Your answer should be the lines from the one with "this 2048×1365 image." to the end of the data below, both included, exact and free of pictures.

**Listed entries**
________________
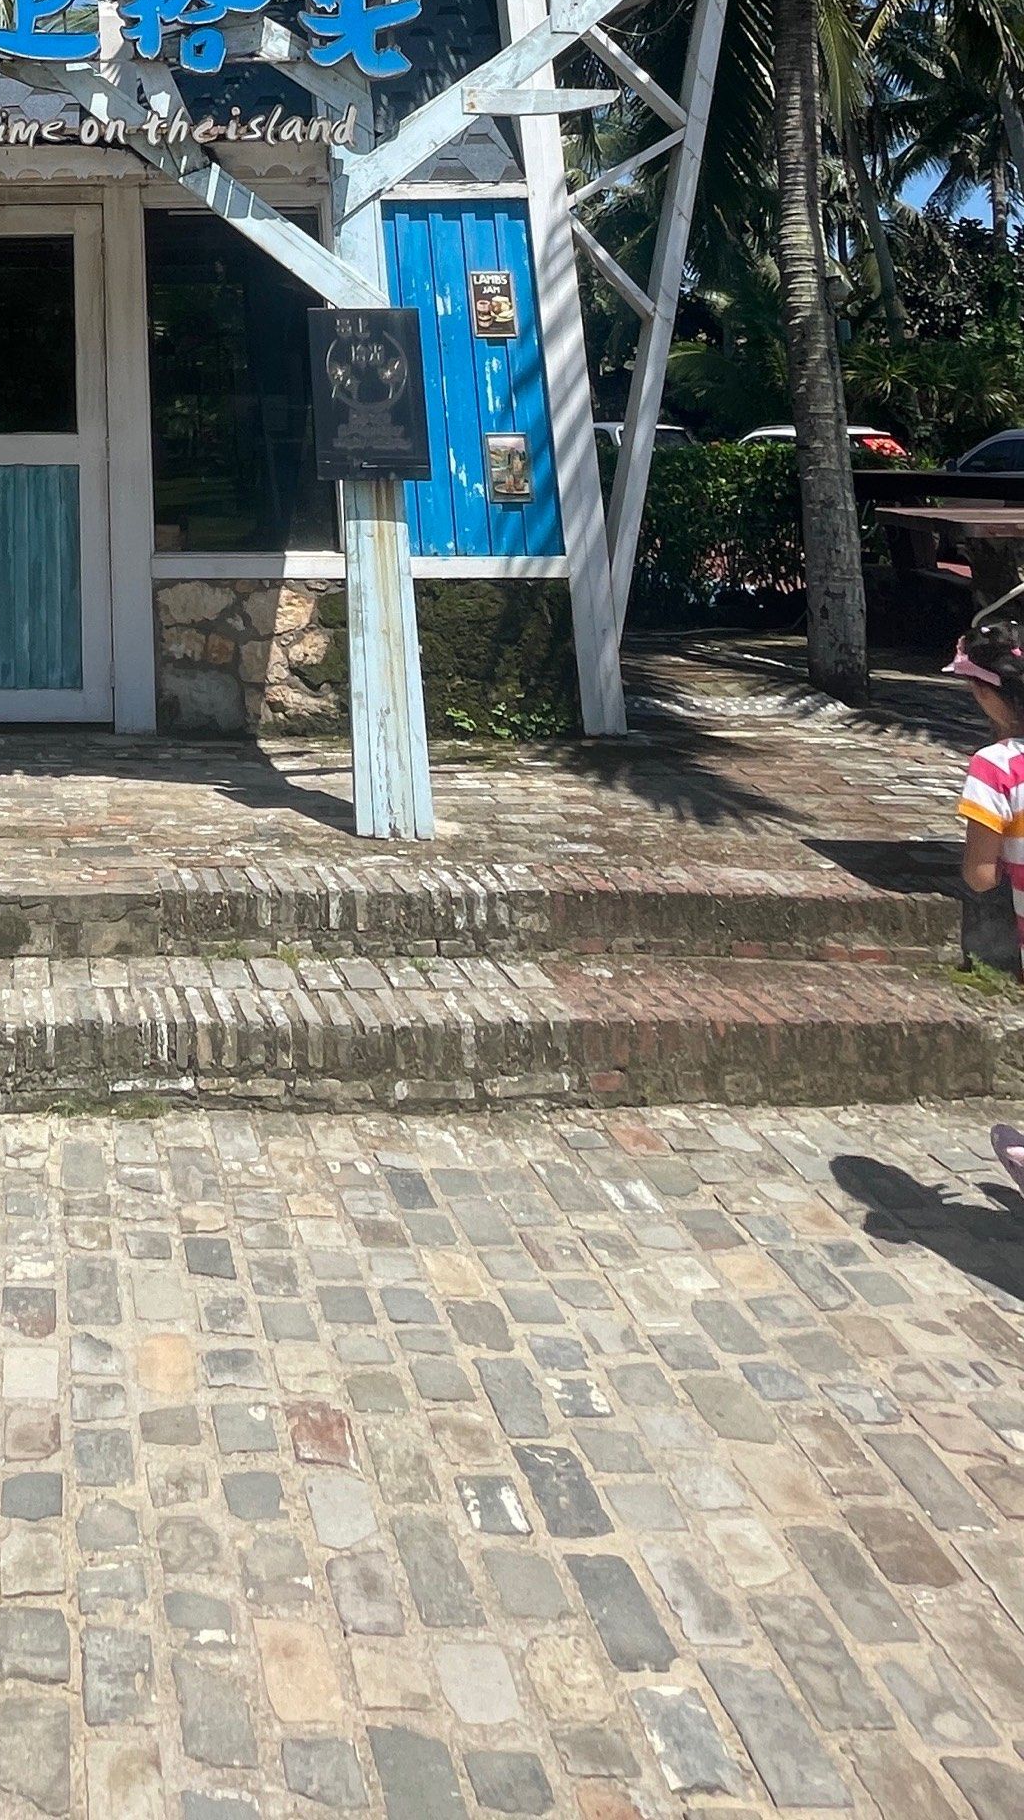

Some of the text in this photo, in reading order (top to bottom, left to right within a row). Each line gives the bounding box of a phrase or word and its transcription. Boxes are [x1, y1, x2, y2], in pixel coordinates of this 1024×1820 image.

[79, 116, 127, 145] on
[144, 106, 215, 146] the
[226, 103, 358, 148] island
[473, 274, 508, 285] LAMBS
[482, 286, 501, 294] JAM
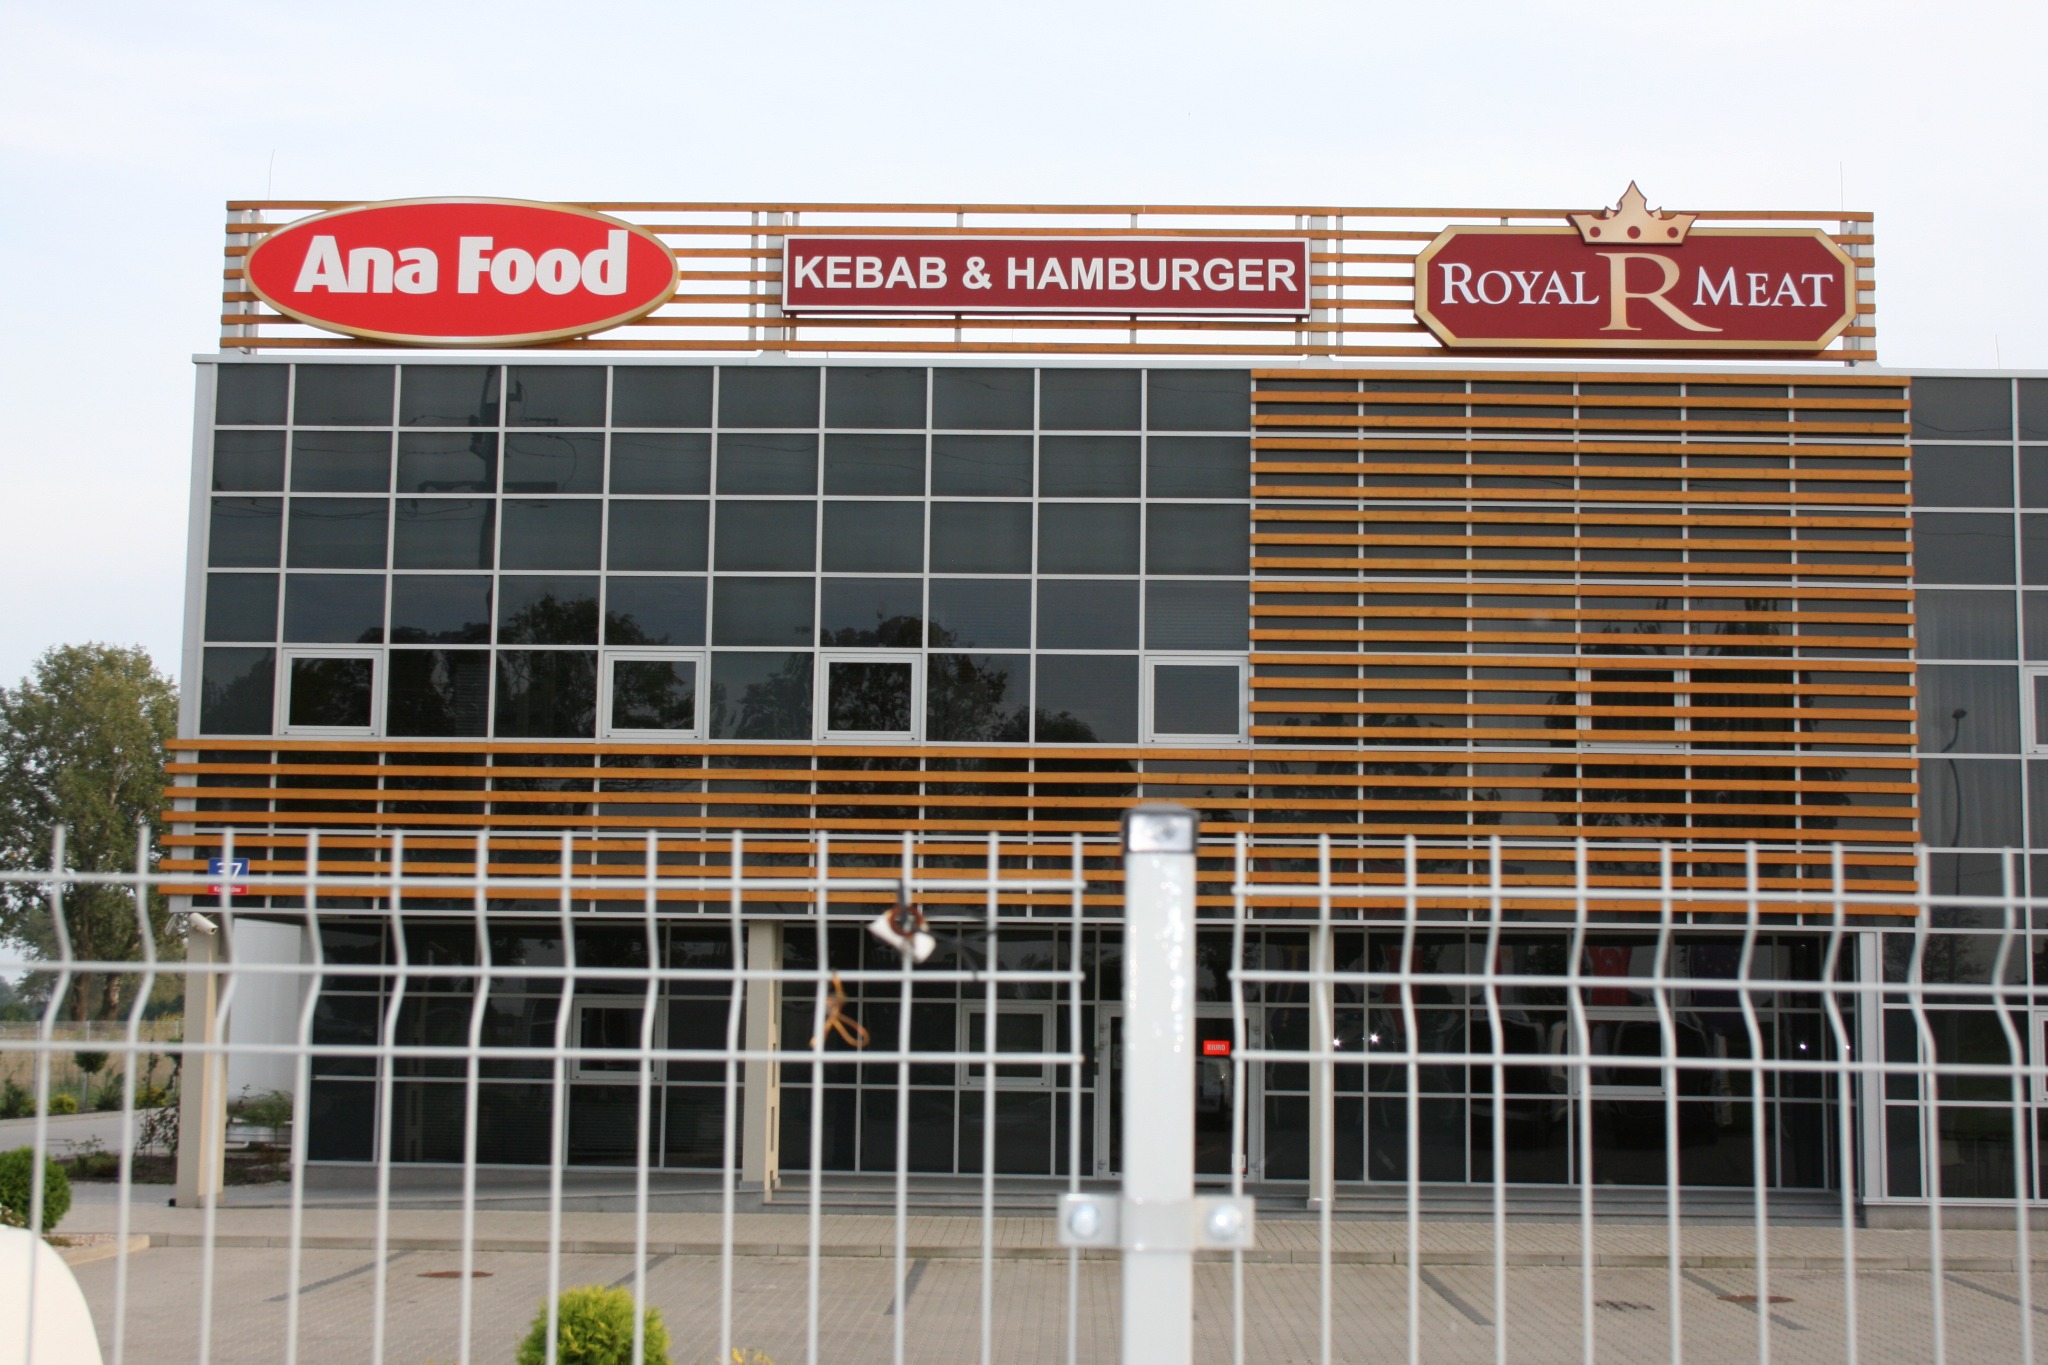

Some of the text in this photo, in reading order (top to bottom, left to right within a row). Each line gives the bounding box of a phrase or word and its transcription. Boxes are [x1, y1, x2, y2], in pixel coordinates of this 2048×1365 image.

[294, 229, 629, 296] Ana Food
[794, 255, 1299, 292] KEBAB & HAMBURGER
[1438, 252, 1834, 332] ROYAL R MEAT
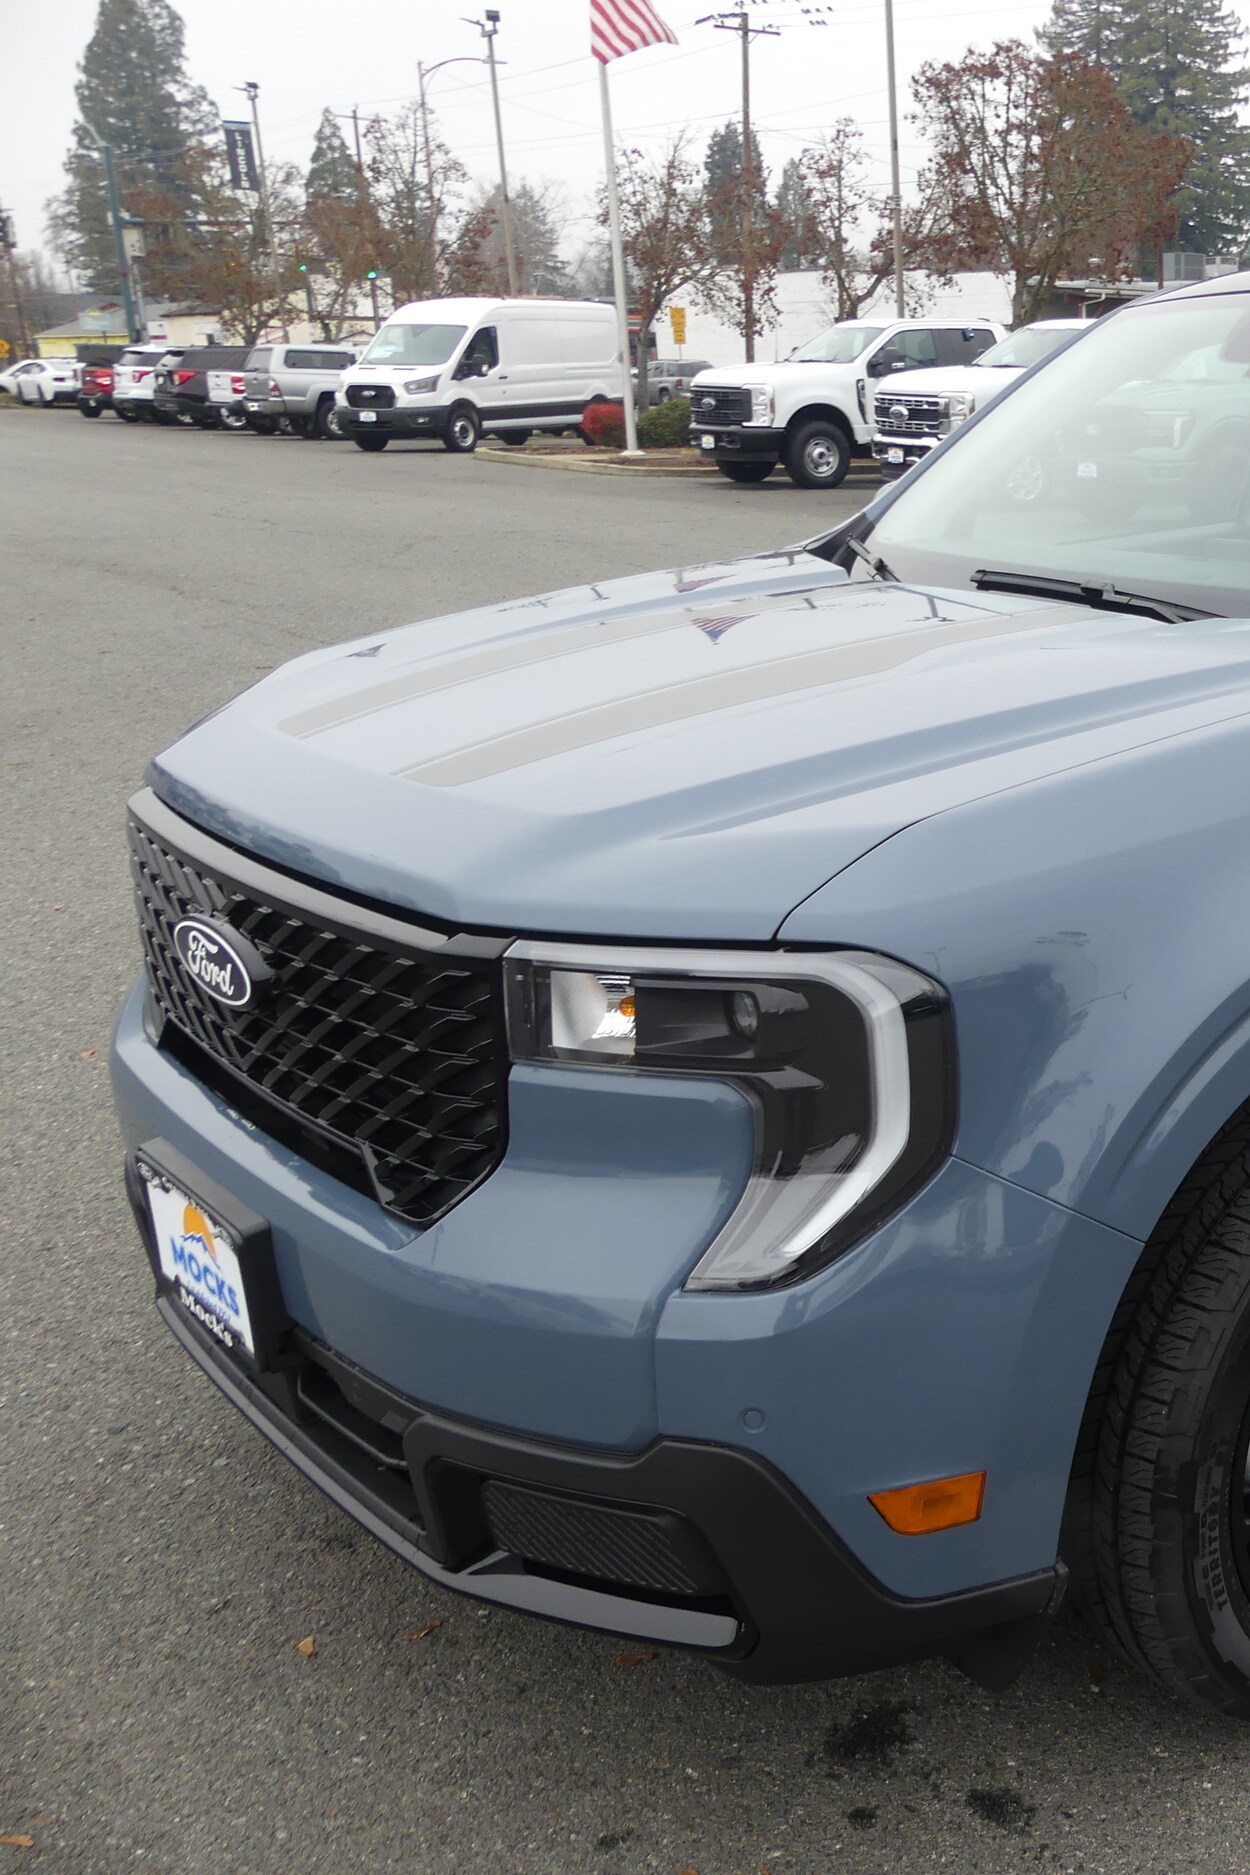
________________
**Response area**
Some of the text in this photo, in reading order (top to bottom, left to right within a row). Each line gives the bounding box of a phrase or word and its transcription. Boxes are [x1, y1, x2, y2], in pixel coordinates of this 2048×1365 image.

[294, 229, 629, 296] Ana Food
[794, 255, 1299, 292] KEBAB & HAMBURGER
[1438, 252, 1834, 332] ROYAL R MEAT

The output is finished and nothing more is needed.